When the tyre smoke had cleared, the figures spoke for themselves – we’re talking over 130kW of rear-wheel power, and something approaching 150Nm of torque, in a package with a claimed dry weight of 235kg.

Yes, make no mistake, Suzuki’s B-King is not for the faint-hearted. In the four-wheeled world its performance can only be rivaled by mega-buck Supercars, and even then the B-King will still see most off from a standing start – only succumbing when the wind’s blast threatens to morph the rider into an extra from the movie, The Incredibles

SuzukiB-King 024

CONCEPTUAL THINKING

The B-King story began back in 2001, when its striking sci-fi looks won it headlines around the world. It debuted that year at the Tokyo Motor Show, and although it was much admired, everyone thought – like just about every other concept machine – it would probably never see the light of day again.
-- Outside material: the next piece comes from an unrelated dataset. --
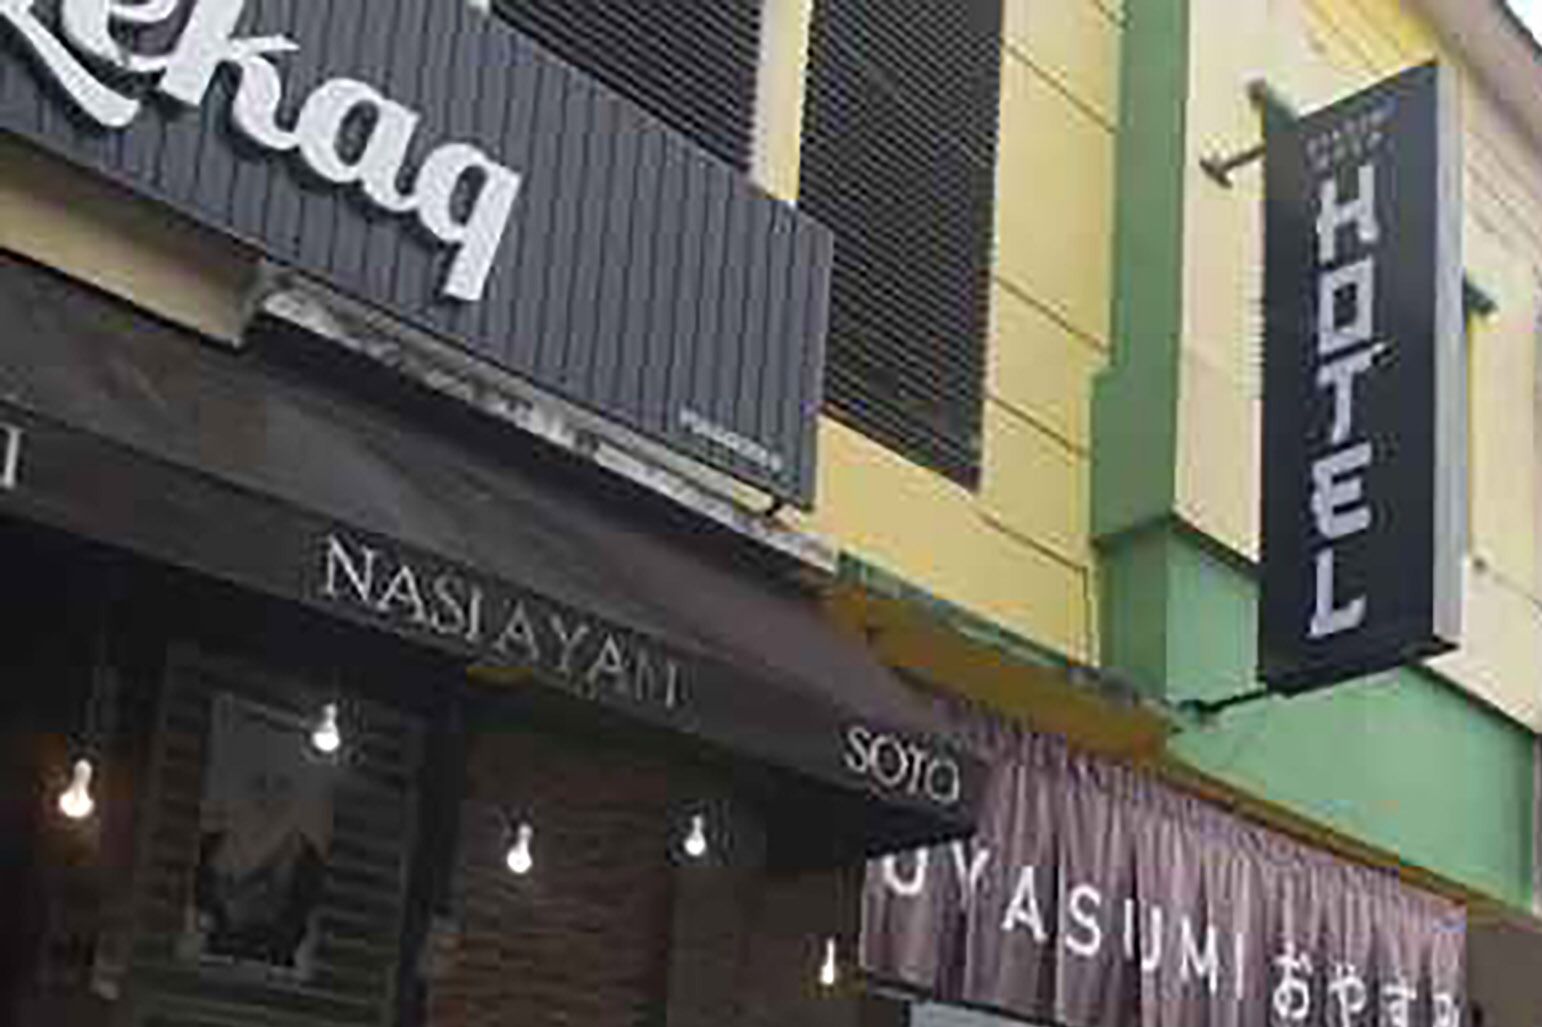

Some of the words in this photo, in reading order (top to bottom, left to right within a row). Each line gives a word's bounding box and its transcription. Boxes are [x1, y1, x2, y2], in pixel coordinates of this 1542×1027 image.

[0, 0, 522, 302] ekaq
[1310, 163, 1385, 638] HOTEL
[325, 533, 484, 643] NASI
How wrong we were. Best of all, when the production B-King finally hit the streets late last year, it not only looked the goods, it had a stonking engine and was dripping with quality gear.

At the heart of that performance package is an inline four-cylinder engine, which is also found in the latest incarnation of Suzuki’s hyper sports machine, the Hayabusa.

SuzukiB-King 048

As far as the world’s dyno readouts go, in B-King form it doesn’t seem to have lost any of its fury, but perhaps the most impressive aspect to its engine is just how manageable and useable its output really is.
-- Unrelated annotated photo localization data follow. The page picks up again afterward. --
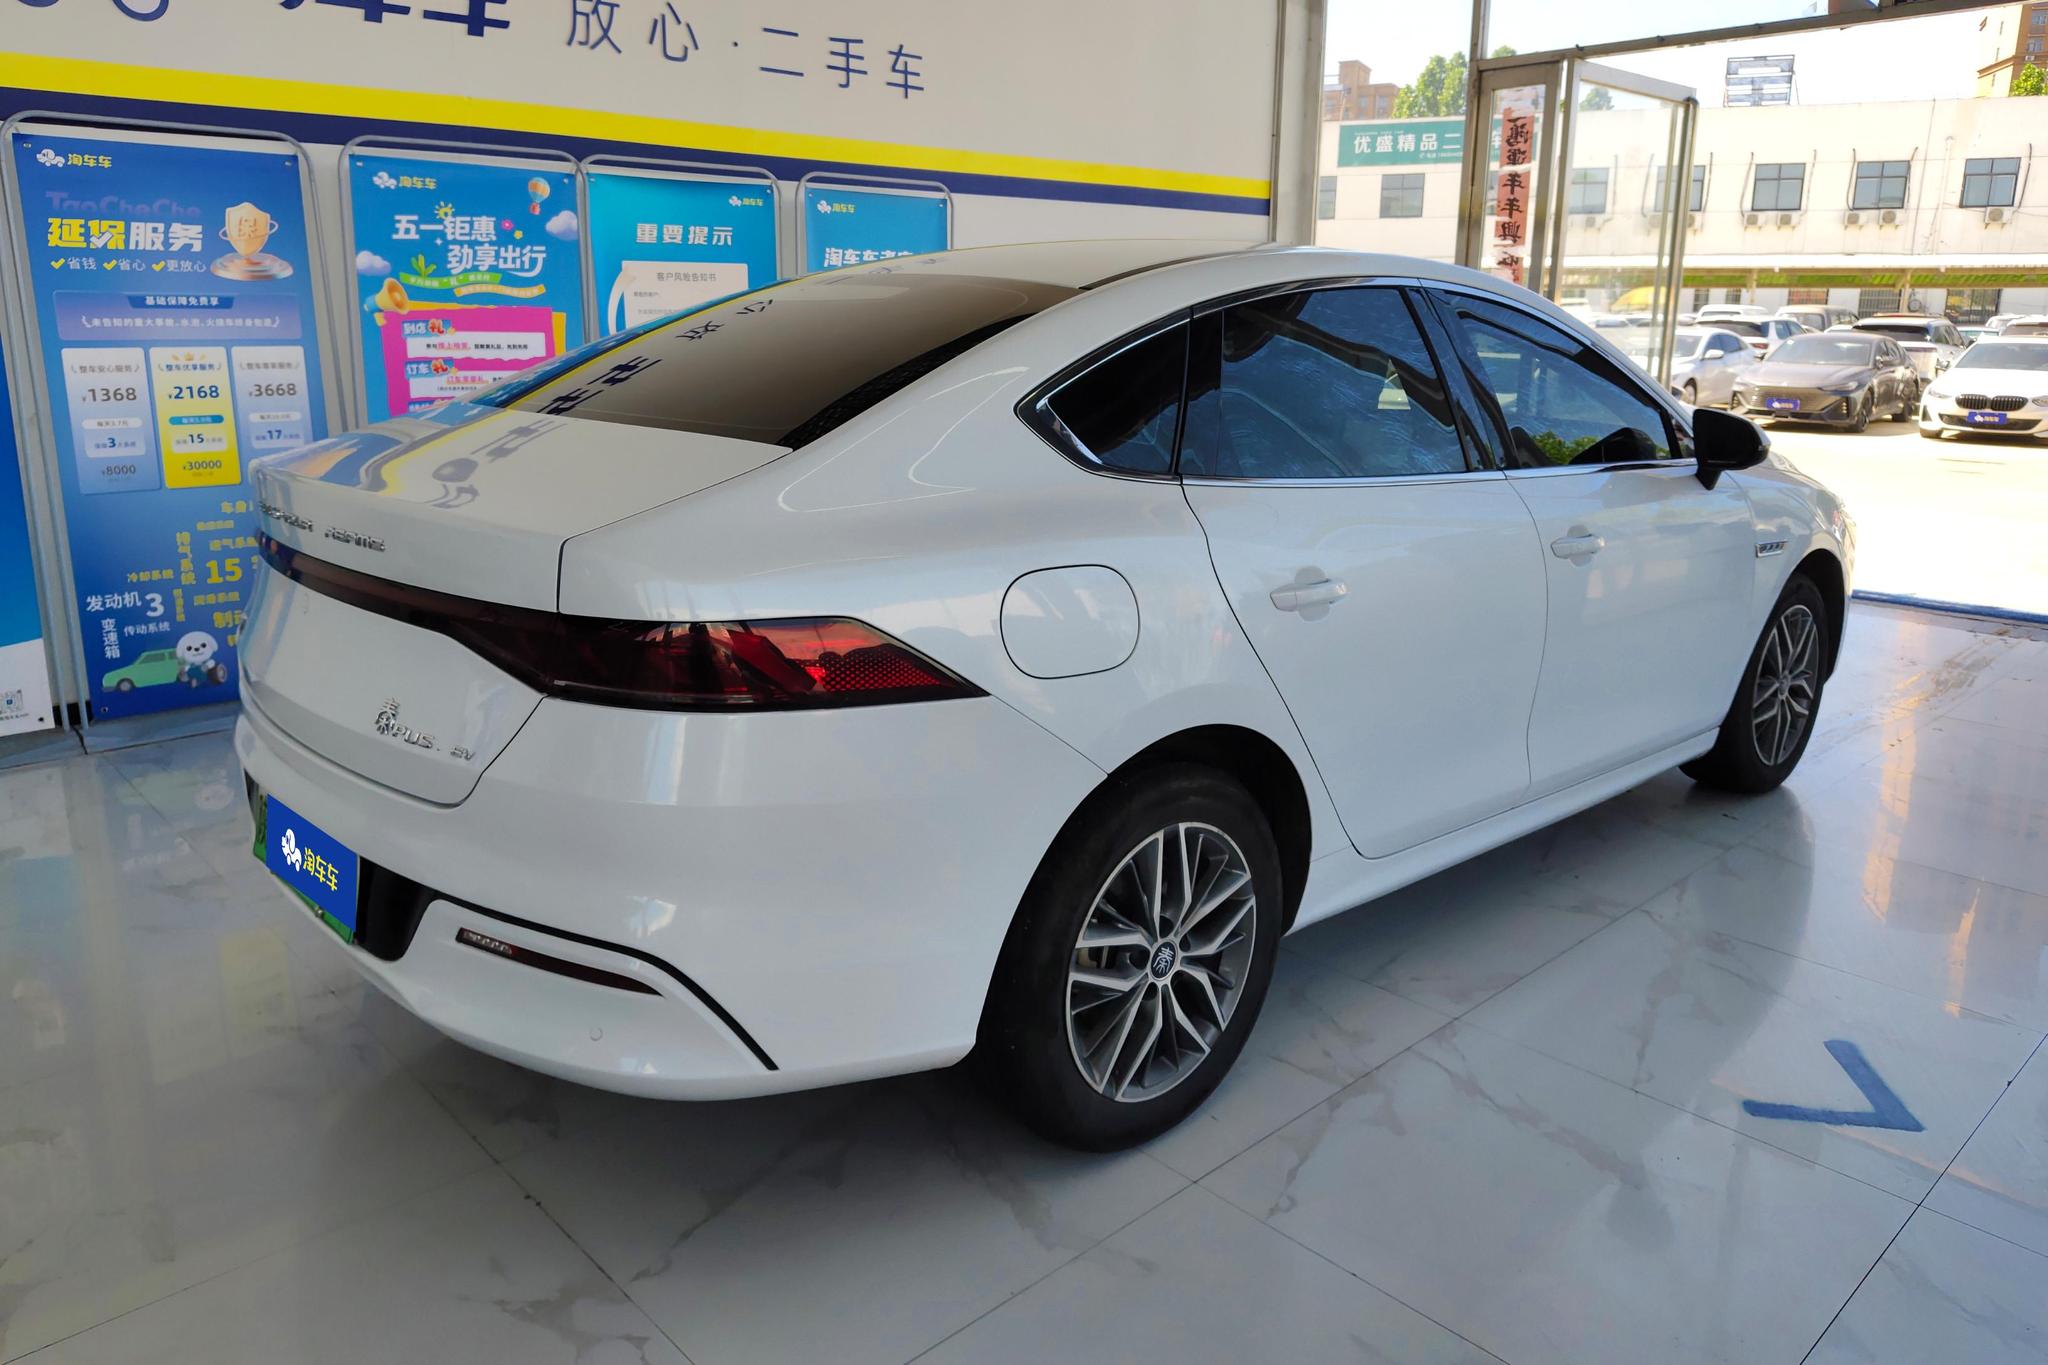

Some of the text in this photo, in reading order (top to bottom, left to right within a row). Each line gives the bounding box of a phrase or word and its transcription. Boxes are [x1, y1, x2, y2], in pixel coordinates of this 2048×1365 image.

[67, 153, 112, 168] 淘车车
[399, 176, 437, 189] 淘车车
[48, 217, 203, 252] 延保服务
[392, 214, 497, 242] 五一钜惠
[636, 223, 733, 247] 重要提示
[67, 257, 207, 273] 省钱 省心 更放心
[447, 244, 546, 276] 劲享出行
[656, 271, 717, 282] 客户风险告知书
[205, 558, 242, 584] 15
[86, 591, 142, 612] 发动机
[145, 593, 165, 617] 3
[101, 618, 120, 659] 变速箱
[124, 621, 171, 637] 传动系统
Wind the throttle on from a standing start and once you’ve revelled in the awesome wave of oomph that washes over you, you’ll realise there are no nasty surprises. There are no peaks or troughs in that delivery, just smooth, linear power and a super-fat torque curve.

The fuel injection is perfect and there’s useable power right from idle. There’s so much go there’s little need to rev it past 5000rpm (5500rpm below its redline) – although you undoubtedly will, and that’s truly when the B-King’s addictive qualities will take hold.

CORNER CARVER

SuzukiB-King 067

But it’s not just some straight line rocket. The B-King will happily carve up a winding road too, thanks to a stiff twin-spar alloy frame and fully adjustable KYB suspension, which does a top job over a fairly wide variety of road surfaces.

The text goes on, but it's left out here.